Nel settembre 1494 si trova ad Asti con 300 cavalli per unirsi ai Francesi, nell’ottobre accoglie a Moncalvo il re Carlo VIII e lo accompagna a Casale Monferrato. Il re cristianissimo lasciò ovviamente che sia Maria che suo zio coltivassero le loro speranze e attraversò pertanto facilmente il Monferrato; intanto però si era fatto consegnare dalla marchesa i suoi gioielli, con il pretesto di finanziare la futura Crociata. Entrò a Milano al fianco del sovrano.

Intanto l’Arianiti, in attesa della conquista del Meridione, si diede da fare per organizzare una flotta che potesse trasportare l’esercito regio dalla Puglia all’Albania; ma nel marzo 1495 la Repubblica di Venezia che non voleva buttarsi in tale fumosa avventura e che non vedeva di buon occhio l’invasione francese, bloccò le navi a Venezia e fece anche arrestare l’Arianiti che vi si era recato per seguire i preparativi; fu però subito rilasciato, avendo fatto valere la sua qualità di patrizio veneto.

Affianca i francesi contro le truppe della lega italica. È insignito del collare dell’Ordine di san Michele.

Dopo la battaglia di Fornovo, 6 luglio 1495, e la fuga del re verso la Francia, nell’agosto 1495 si fortifica in Casale Monferrato. Il 27 agosto 1495 muore improvvisamente Maria, reggente di Monferrato a soli 29 anni. Si aprì il problema della nuova tutela del giovane Guglielmo. Il re francese inviò allora a Casale il suo segretario Filippo de Commynes, signore di Argenton, che brigò affinché tale incarico – sia pure contro la volontà di una considerevole parte della nobiltà monferrina – fosse attribuito all’Arianiti. Carlo VIII sapeva di potersi fidare della sua amicizia ed inoltre era il più prossimo parente dei due giovani eredi Paleologo. Assunse così la carica di governatore del marchesato e di tutore dei due figli minorenni. Per staccarlo dall’alleanza francese, l’imperatore, Massimiliano I, eletto alla morte del padre Federico III, il 16 novembre 1495, lo riconobbe come «consanguineo» quale tutore dei due giovani marchesi di Monferrato, gli confermò la reggenza del Monferrato.

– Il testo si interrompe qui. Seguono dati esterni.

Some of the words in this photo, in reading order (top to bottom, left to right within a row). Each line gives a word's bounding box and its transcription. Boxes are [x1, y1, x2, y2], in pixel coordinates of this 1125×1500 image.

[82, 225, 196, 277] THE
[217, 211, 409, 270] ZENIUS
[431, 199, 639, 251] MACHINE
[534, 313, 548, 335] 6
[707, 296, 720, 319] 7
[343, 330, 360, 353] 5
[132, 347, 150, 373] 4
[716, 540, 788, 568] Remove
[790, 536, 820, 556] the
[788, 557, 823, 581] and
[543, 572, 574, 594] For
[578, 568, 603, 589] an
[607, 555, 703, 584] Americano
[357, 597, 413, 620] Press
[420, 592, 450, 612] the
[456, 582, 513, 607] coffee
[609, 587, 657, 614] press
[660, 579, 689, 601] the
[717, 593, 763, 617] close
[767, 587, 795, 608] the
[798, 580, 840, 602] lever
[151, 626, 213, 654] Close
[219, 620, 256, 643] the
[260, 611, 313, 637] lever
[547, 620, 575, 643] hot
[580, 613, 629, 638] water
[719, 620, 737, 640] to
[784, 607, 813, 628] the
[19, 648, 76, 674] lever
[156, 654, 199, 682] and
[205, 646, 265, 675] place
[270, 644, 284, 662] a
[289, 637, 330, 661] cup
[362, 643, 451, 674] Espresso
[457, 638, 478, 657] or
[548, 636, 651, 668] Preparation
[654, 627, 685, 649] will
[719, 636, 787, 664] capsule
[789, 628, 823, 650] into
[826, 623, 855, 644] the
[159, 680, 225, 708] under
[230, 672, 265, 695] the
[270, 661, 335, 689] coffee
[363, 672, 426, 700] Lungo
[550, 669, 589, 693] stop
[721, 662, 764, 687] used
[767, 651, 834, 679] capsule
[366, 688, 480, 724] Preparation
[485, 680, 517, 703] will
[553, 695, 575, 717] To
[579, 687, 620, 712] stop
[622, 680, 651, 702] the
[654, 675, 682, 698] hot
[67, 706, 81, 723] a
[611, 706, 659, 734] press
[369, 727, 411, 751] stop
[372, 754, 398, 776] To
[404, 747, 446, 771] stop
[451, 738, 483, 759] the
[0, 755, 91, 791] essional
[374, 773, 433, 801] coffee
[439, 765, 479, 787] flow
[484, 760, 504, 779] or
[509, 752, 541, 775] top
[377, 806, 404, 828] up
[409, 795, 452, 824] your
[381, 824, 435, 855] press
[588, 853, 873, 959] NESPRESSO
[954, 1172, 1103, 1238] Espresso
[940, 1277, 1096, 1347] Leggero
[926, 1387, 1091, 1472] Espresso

Tali rapporti si saldarono in varie missioni diplomatiche, nelle quali il Cominato poté eliminare almeno in un primo momento la sfiducia di Massimiliano I insorta assai presto nei suoi confronti, cosicché il 12 giugno 1496 l’imperatore manifestò il proposito di nominare da Augusta l’avventuriero suo vicario generale in quelle parti d’Italia sottoposte direttamente all’Impero. Tale progetto però non ebbe mai seguito, cosicché il principe di Macedonia e duca di Acaia si volse nuovamente al partito filo francese. Incoraggiando Carlo VIII a riprendere i suoi grandiosi progetti orientali. Egli stesso pensava di trarre dall’impresa grandi vantaggi, e Filippo de Commynes progettò di nominare l’Arianiti niente meno che re di Macedonia. Sennonché l’avventuroso progetto di invadere con una flotta che salpasse da Venezia l’Albania, per sollevarla contro i Turchi, fallì per il saggio comportamento dei Veneziani.

Nel settembre 1496 è in Monferrato con l’incarico di governatore di Casale Monferrato. Assicura a Gian Giacomo Trivulzio il passo e le vettovaglie necessarie all’esercito francese.

Nel dicembre dell’anno successivo, 1497, riceve a Casale il veneziano Niccolò Foscarini in missione diplomatica presso il duca di Savoja Filiberto.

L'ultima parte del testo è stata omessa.